» Exercise instructions
Any image found in the entries is to be skipped; the rest is returned word for word.
[[ Source material open ]]
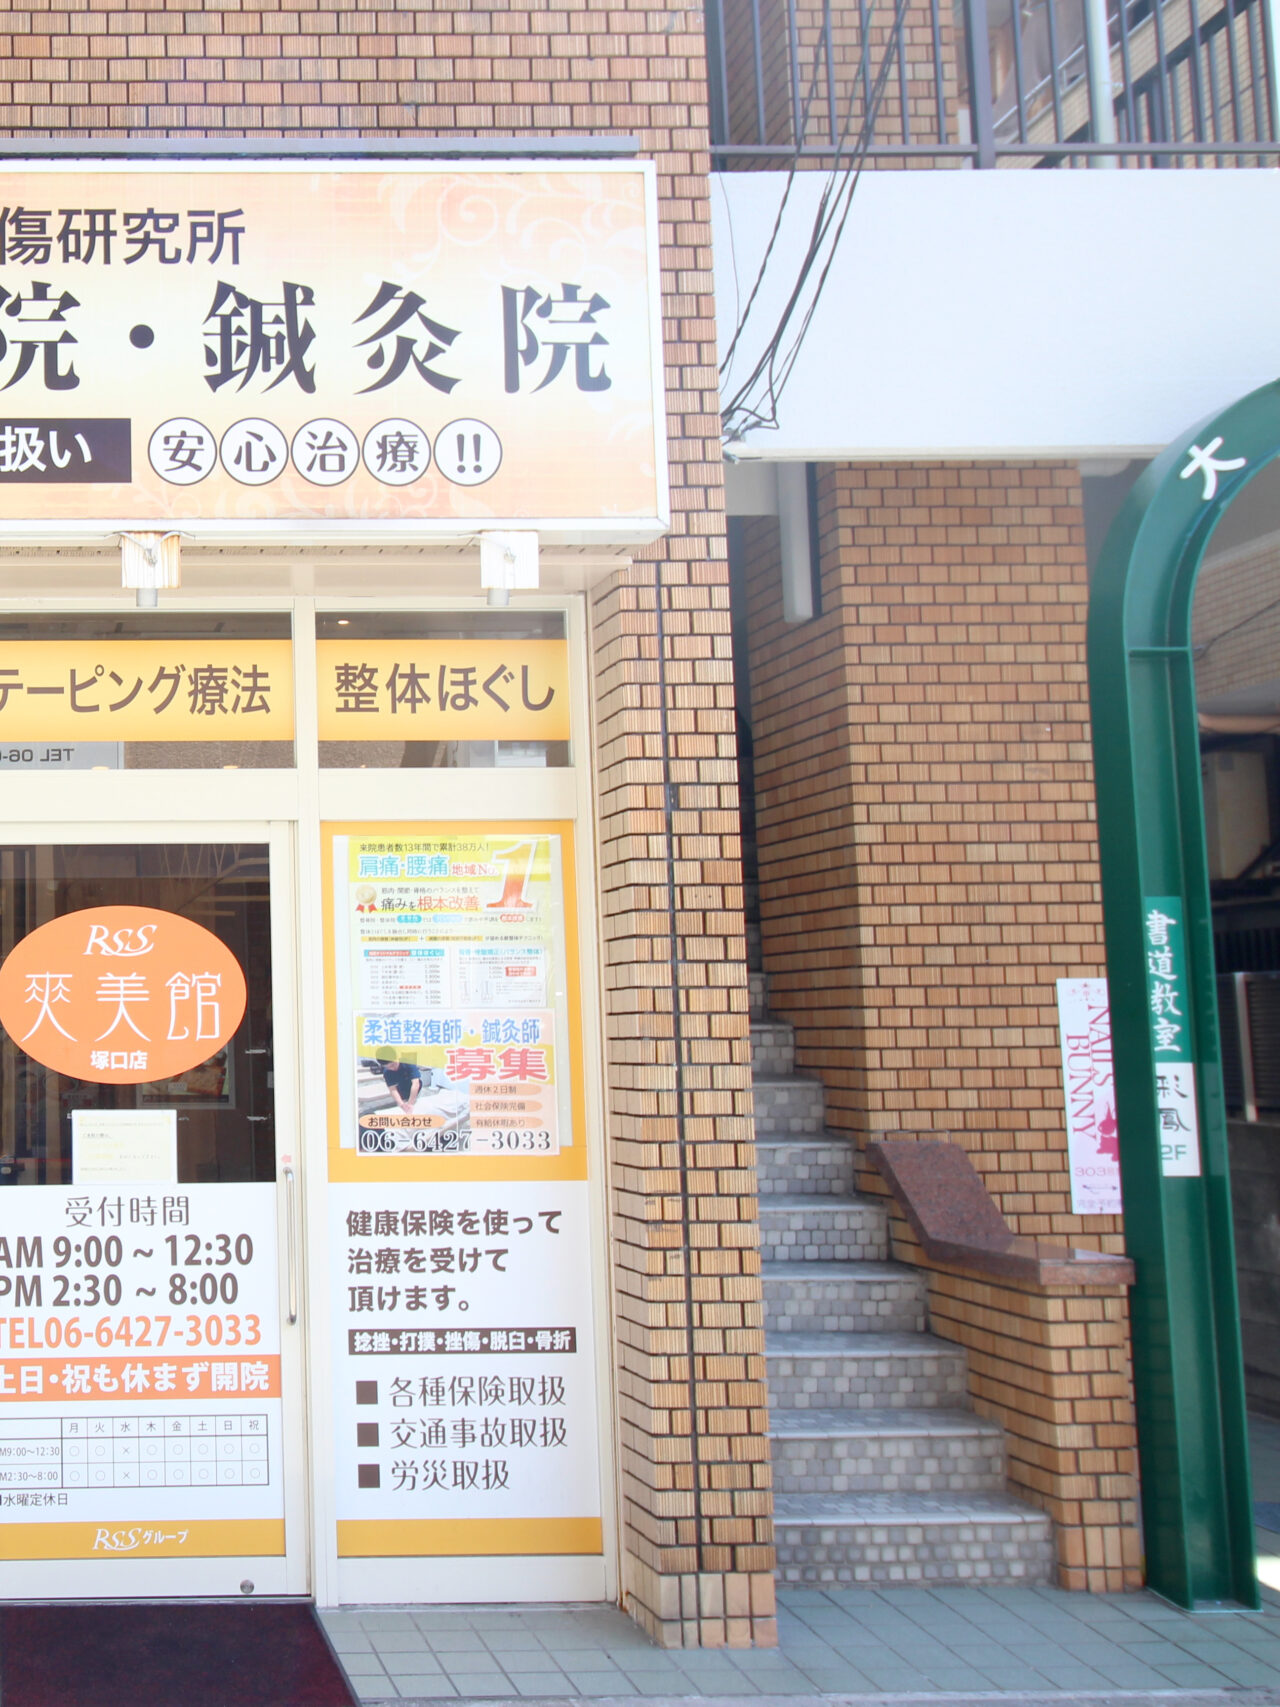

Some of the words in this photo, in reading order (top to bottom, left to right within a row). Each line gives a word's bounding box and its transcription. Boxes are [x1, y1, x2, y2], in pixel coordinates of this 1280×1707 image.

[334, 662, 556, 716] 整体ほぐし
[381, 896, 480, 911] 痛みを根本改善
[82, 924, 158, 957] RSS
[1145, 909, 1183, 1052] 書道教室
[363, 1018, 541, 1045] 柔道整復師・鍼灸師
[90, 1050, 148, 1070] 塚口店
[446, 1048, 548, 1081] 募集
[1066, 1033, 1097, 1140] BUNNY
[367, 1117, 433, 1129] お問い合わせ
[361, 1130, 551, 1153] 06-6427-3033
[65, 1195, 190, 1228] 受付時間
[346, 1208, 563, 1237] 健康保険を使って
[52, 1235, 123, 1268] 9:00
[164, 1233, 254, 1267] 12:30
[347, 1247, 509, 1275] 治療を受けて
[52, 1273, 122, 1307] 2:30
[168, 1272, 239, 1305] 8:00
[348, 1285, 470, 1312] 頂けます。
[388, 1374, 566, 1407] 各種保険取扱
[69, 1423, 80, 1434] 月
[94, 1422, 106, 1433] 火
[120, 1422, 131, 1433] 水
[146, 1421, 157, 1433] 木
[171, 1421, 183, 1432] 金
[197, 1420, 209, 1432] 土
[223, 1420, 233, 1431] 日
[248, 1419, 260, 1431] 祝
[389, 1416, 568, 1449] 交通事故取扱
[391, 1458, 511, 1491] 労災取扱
[[ Source material closed ]]
» Answer space
Some of the words in this photo, in reading order (top to bottom, left to right within a row). Each line gives a word's bounding box and its transcription. Boxes are [x1, y1, x2, y2], in pixel coordinates of this 1280×1707 image.

[334, 662, 556, 716] 整体ほぐし
[381, 896, 480, 911] 痛みを根本改善
[82, 924, 158, 957] RSS
[1145, 909, 1183, 1052] 書道教室
[363, 1018, 541, 1045] 柔道整復師・鍼灸師
[90, 1050, 148, 1070] 塚口店
[446, 1048, 548, 1081] 募集
[1066, 1033, 1097, 1140] BUNNY
[367, 1117, 433, 1129] お問い合わせ
[361, 1130, 551, 1153] 06-6427-3033
[65, 1195, 190, 1228] 受付時間
[346, 1208, 563, 1237] 健康保険を使って
[52, 1235, 123, 1268] 9:00
[164, 1233, 254, 1267] 12:30
[347, 1247, 509, 1275] 治療を受けて
[52, 1273, 122, 1307] 2:30
[168, 1272, 239, 1305] 8:00
[348, 1285, 470, 1312] 頂けます。
[388, 1374, 566, 1407] 各種保険取扱
[69, 1423, 80, 1434] 月
[94, 1422, 106, 1433] 火
[120, 1422, 131, 1433] 水
[146, 1421, 157, 1433] 木
[171, 1421, 183, 1432] 金
[197, 1420, 209, 1432] 土
[223, 1420, 233, 1431] 日
[248, 1419, 260, 1431] 祝
[389, 1416, 568, 1449] 交通事故取扱
[391, 1458, 511, 1491] 労災取扱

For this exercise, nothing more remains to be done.